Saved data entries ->
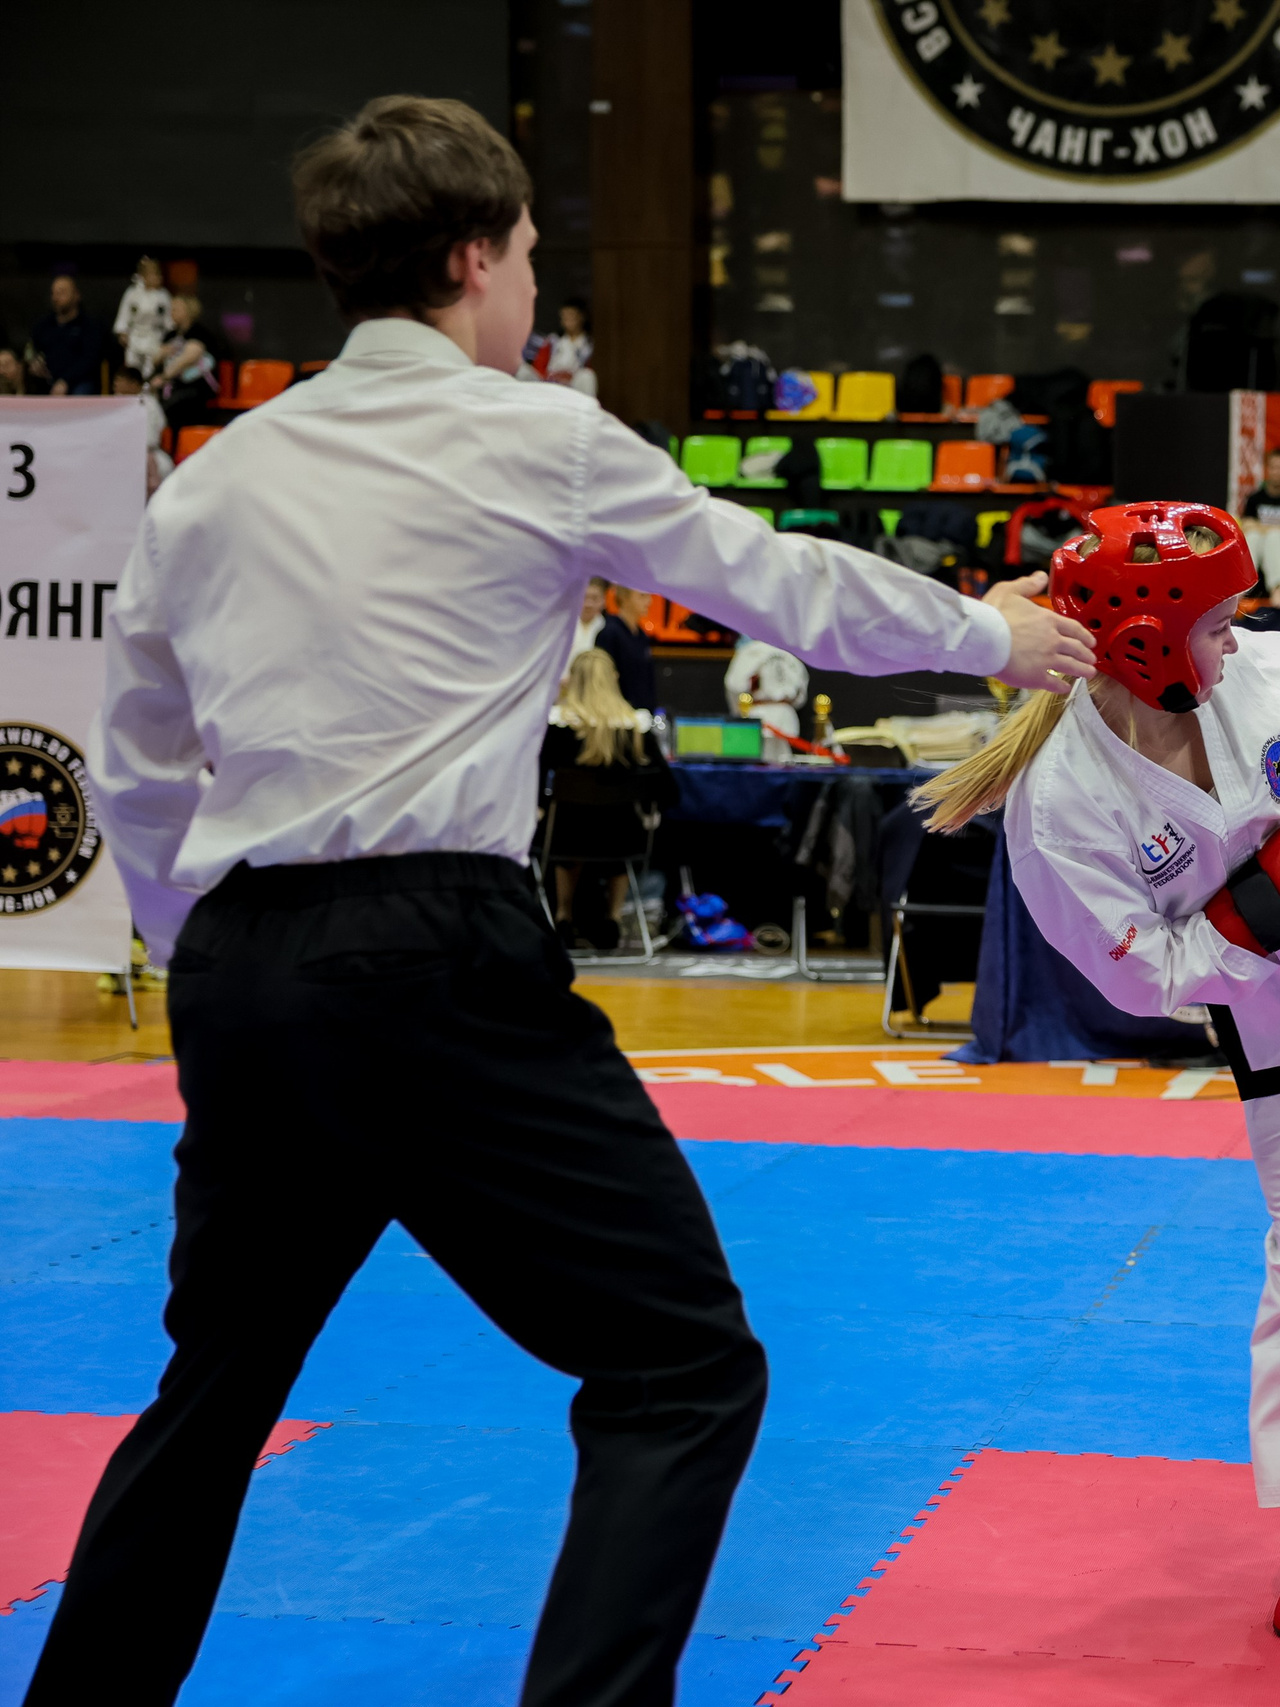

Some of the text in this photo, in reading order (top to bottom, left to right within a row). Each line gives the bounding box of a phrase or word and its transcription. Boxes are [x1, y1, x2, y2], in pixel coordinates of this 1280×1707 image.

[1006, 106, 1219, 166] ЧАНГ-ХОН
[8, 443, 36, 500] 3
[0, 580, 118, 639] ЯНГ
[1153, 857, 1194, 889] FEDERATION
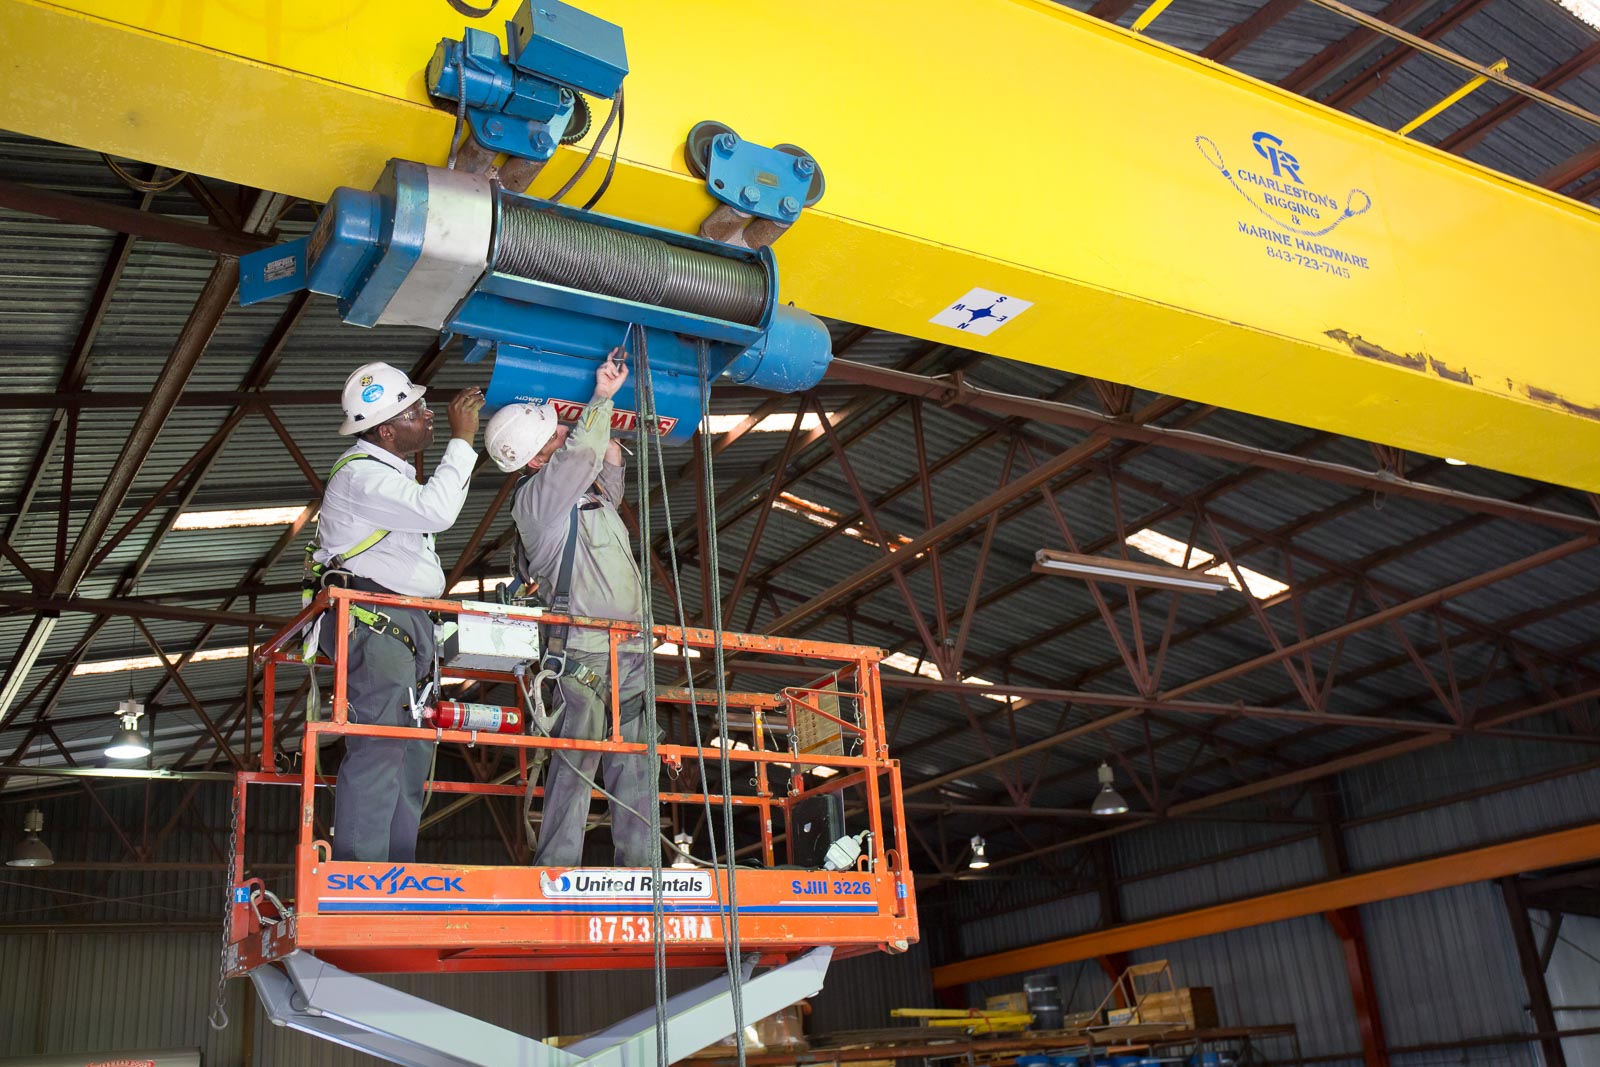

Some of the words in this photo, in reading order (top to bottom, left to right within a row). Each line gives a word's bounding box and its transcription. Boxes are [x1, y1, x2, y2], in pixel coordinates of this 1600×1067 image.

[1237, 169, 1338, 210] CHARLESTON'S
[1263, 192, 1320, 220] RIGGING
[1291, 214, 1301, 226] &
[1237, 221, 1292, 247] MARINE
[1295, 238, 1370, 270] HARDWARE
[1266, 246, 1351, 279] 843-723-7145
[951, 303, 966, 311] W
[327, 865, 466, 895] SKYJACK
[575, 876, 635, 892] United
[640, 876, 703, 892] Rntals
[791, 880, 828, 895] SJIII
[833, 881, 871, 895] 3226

Task goal -> Output each record above word for word, leaving out images.

Result ->
Some of the text in this photo, in reading order (top to bottom, left to right within a row). Each line gives the bounding box of a phrase or word and its transcription. Boxes are [x1, y1, x2, y2], in pixel coordinates of this 1280×1707 image.

[1006, 106, 1219, 166] ЧАНГ-ХОН
[8, 443, 36, 500] 3
[0, 580, 118, 639] ЯНГ
[1153, 857, 1194, 889] FEDERATION

Some of the words in this photo, in reading order (top to bottom, left to right within a row). Each line gives a word's bounding box and its transcription. Boxes are [x1, y1, x2, y2], in pixel coordinates of this 1600×1067 image.

[1237, 169, 1338, 210] CHARLESTON'S
[1263, 192, 1320, 220] RIGGING
[1291, 214, 1301, 226] &
[1237, 221, 1292, 247] MARINE
[1295, 238, 1370, 270] HARDWARE
[1266, 246, 1351, 279] 843-723-7145
[951, 303, 966, 311] W
[327, 865, 466, 895] SKYJACK
[575, 876, 635, 892] United
[640, 876, 703, 892] Rntals
[791, 880, 828, 895] SJIII
[833, 881, 871, 895] 3226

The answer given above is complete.